Wednesday 30 May 2012

The DRC visa dance

Day 1:  Waited for contact to get information on what's required.

Day 2.  Learnt we needed a letter from the South African embassy, so spent half a day trying to locate their new office.  SA embassy refused to assist until we'd registered online.

Day 3:  Drove back to embassy after registering and waited 2 1/2 hours for attaché to attend to our request, only to be told that one of our reference numbers was invalid.  He added that we also needed to write an affidavit declaring our intent to visit the DRC.  Dashed home to fix registration reference number and write affidavit.  Returned to embassy and waited an hour for the attaché and then he just drove out the gate on another errand.  Waited another hour and a half for him to return to help us.  An hour later (and several games of noughts and crosses on their moving boxes and skating the office on their office chairs in petty retaliation for the wait), we left the embassy with stamped and signed affidavits, copies of passports and Angolan visas and a letter in Portuguese confirming we are who our passports say we are.

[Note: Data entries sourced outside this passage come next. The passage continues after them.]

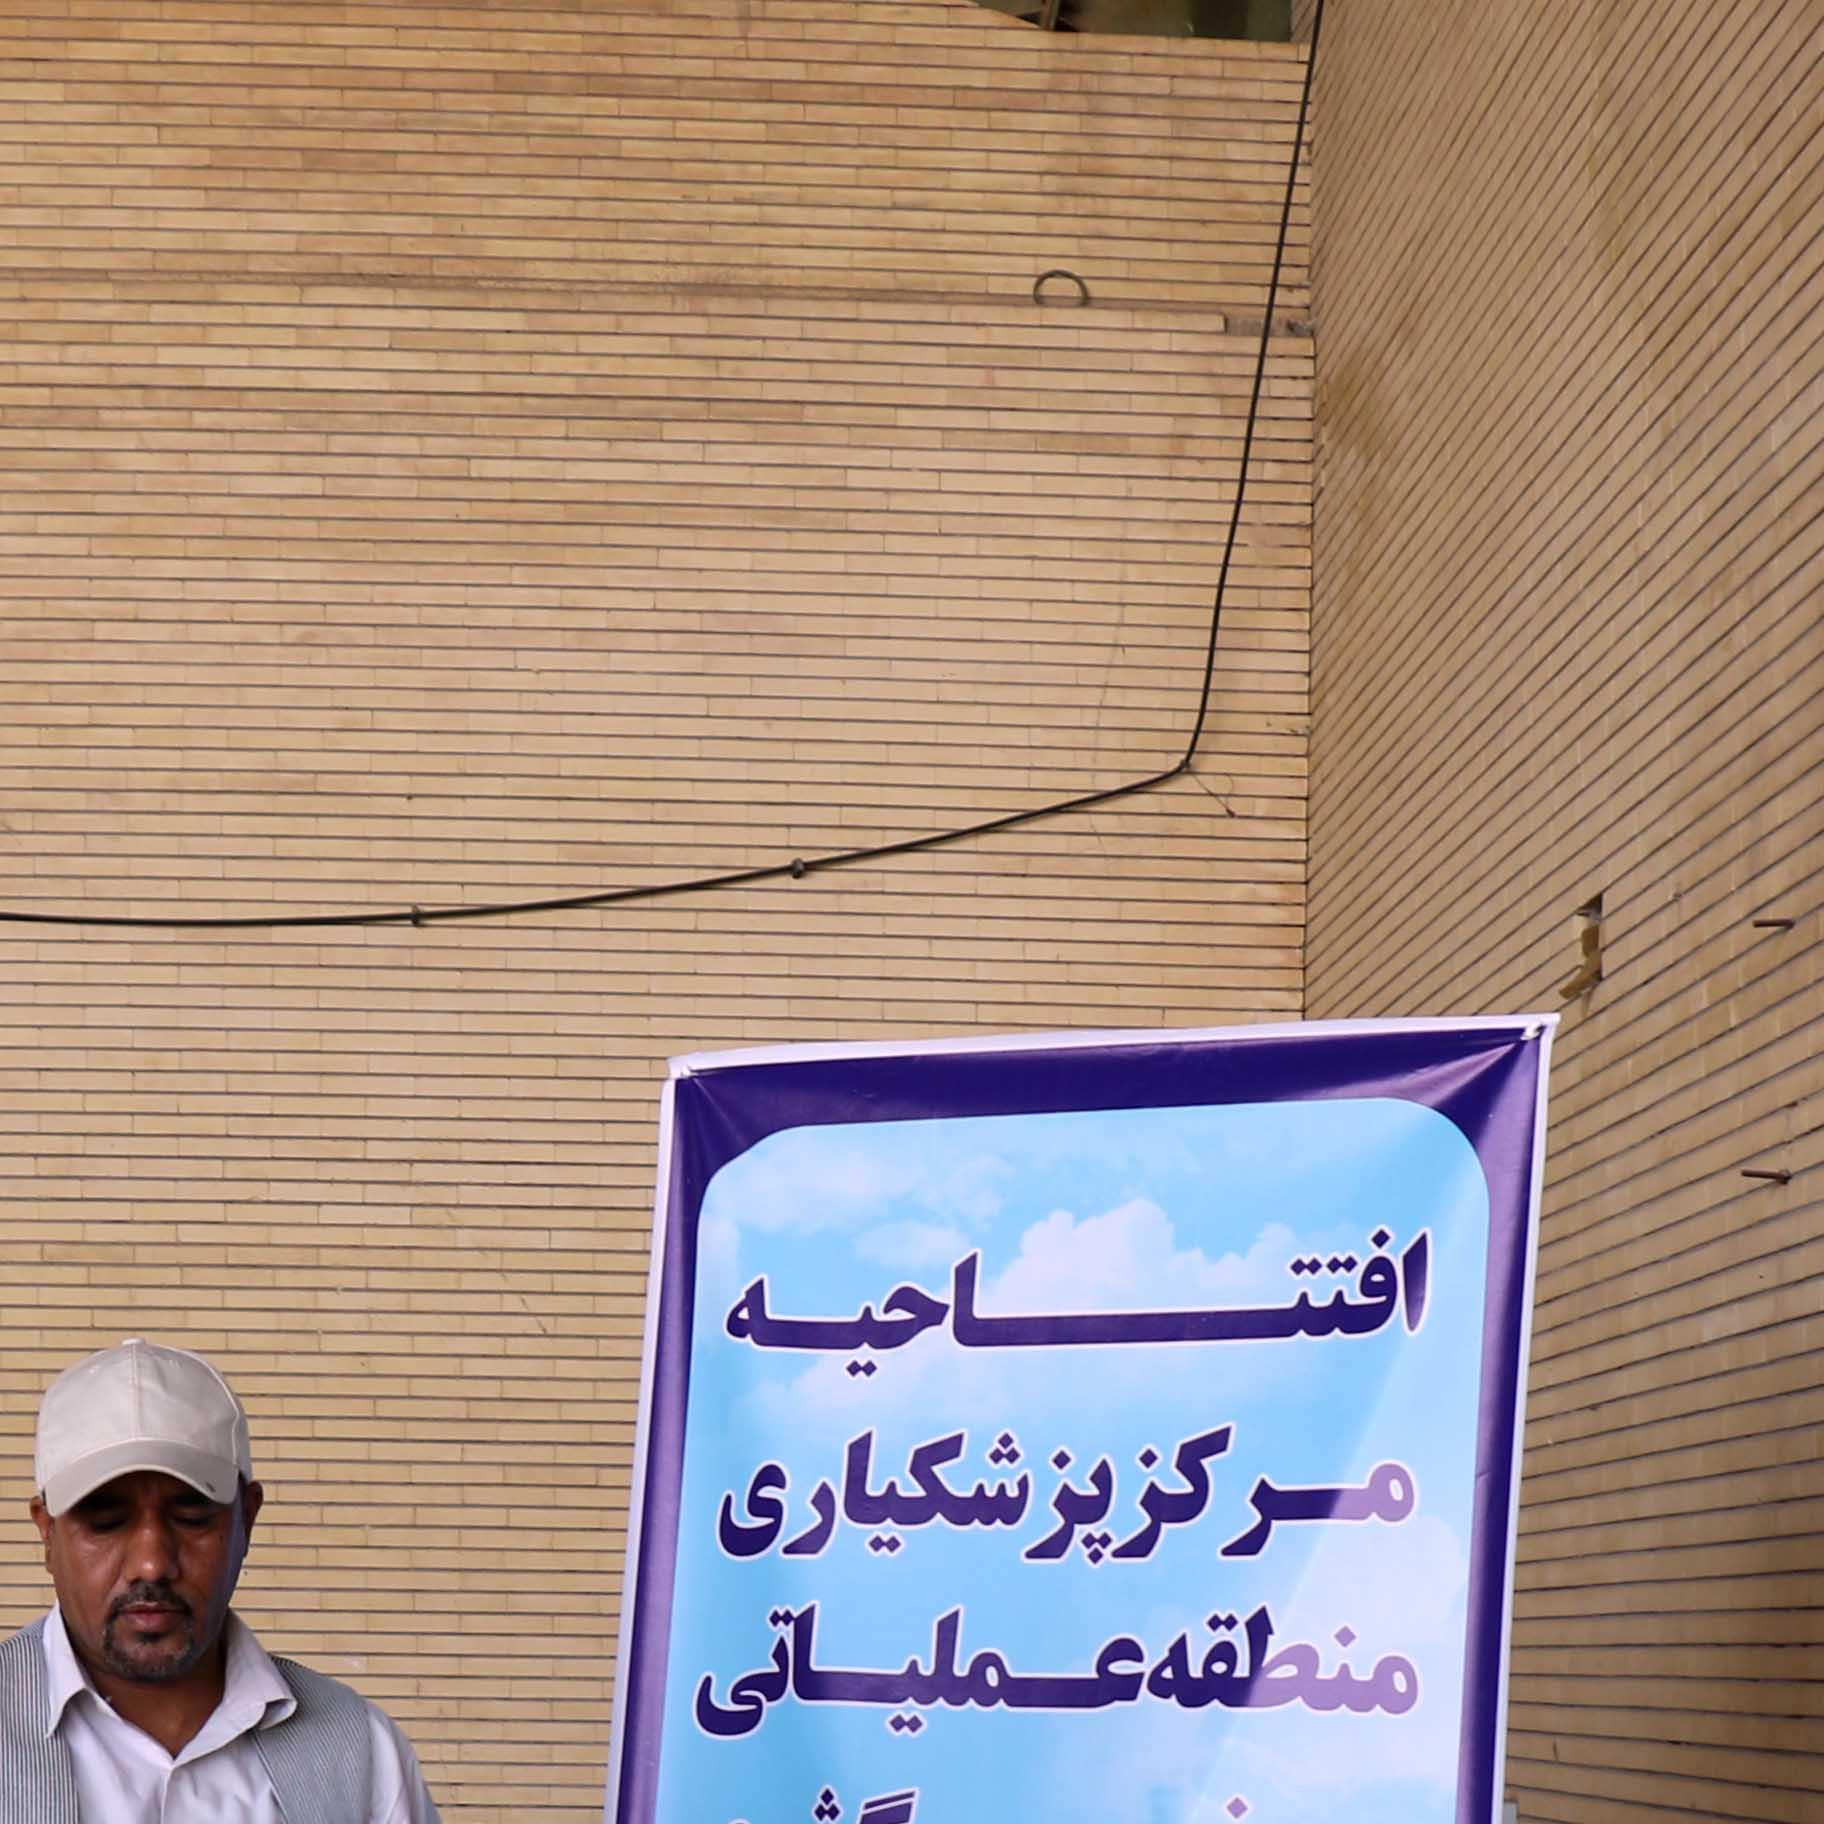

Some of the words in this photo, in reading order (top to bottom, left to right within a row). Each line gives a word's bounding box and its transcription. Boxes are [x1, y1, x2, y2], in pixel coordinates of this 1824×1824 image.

[725, 1227, 1429, 1378] افتتاحیه
[719, 1429, 1115, 1564] پزشکیاری
[1110, 1424, 1416, 1560] مرکز
[695, 1602, 1146, 1736] عملیاتی
[1146, 1603, 1419, 1715] منطقه

Day 4:  Handed all over to contact who then found out that we had to apply in person.  Surprise, surprise!  Spent another 2 hours missioning about town to fetch our papers and find DRC embassy.  Can you believe it was 10 minutes walk from where we were staying?  Handed all papers, except affidavit, over to DRC embassy.  Figured Portuguese letter said what it had to say.  DRC official said letter said nothing and that we need a letter saying we intend to visit the DRC.  Oh!  Contacted SA attaché who said that's what the affidavit is for.  If only he'd made that clear to start with!

Day 5:  Waited an hour for the DRC embassy to open and another hour for someone to help us, but our papers are in, our application is approved and we'll collect the visa on Friday.  Went to the beach for fresh air and fun with the frisbee.  Luanda is a hectic city with no green spaces for Peggy to run.